BEGIN DATA FOR REVIEW

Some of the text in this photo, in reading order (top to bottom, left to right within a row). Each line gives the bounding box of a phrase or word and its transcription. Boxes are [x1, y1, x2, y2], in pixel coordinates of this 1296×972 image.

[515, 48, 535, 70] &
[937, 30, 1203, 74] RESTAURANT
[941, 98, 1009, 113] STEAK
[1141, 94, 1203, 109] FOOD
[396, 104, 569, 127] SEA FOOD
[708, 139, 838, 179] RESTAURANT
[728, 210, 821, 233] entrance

END DATA FOR REVIEW

*YOUR OBJECTIVE:* Make an exact copy of all the entries above.

*ANSWER TO THE PROBLEM:*
Some of the text in this photo, in reading order (top to bottom, left to right within a row). Each line gives the bounding box of a phrase or word and its transcription. Boxes are [x1, y1, x2, y2], in pixel coordinates of this 1296×972 image.

[515, 48, 535, 70] &
[937, 30, 1203, 74] RESTAURANT
[941, 98, 1009, 113] STEAK
[1141, 94, 1203, 109] FOOD
[396, 104, 569, 127] SEA FOOD
[708, 139, 838, 179] RESTAURANT
[728, 210, 821, 233] entrance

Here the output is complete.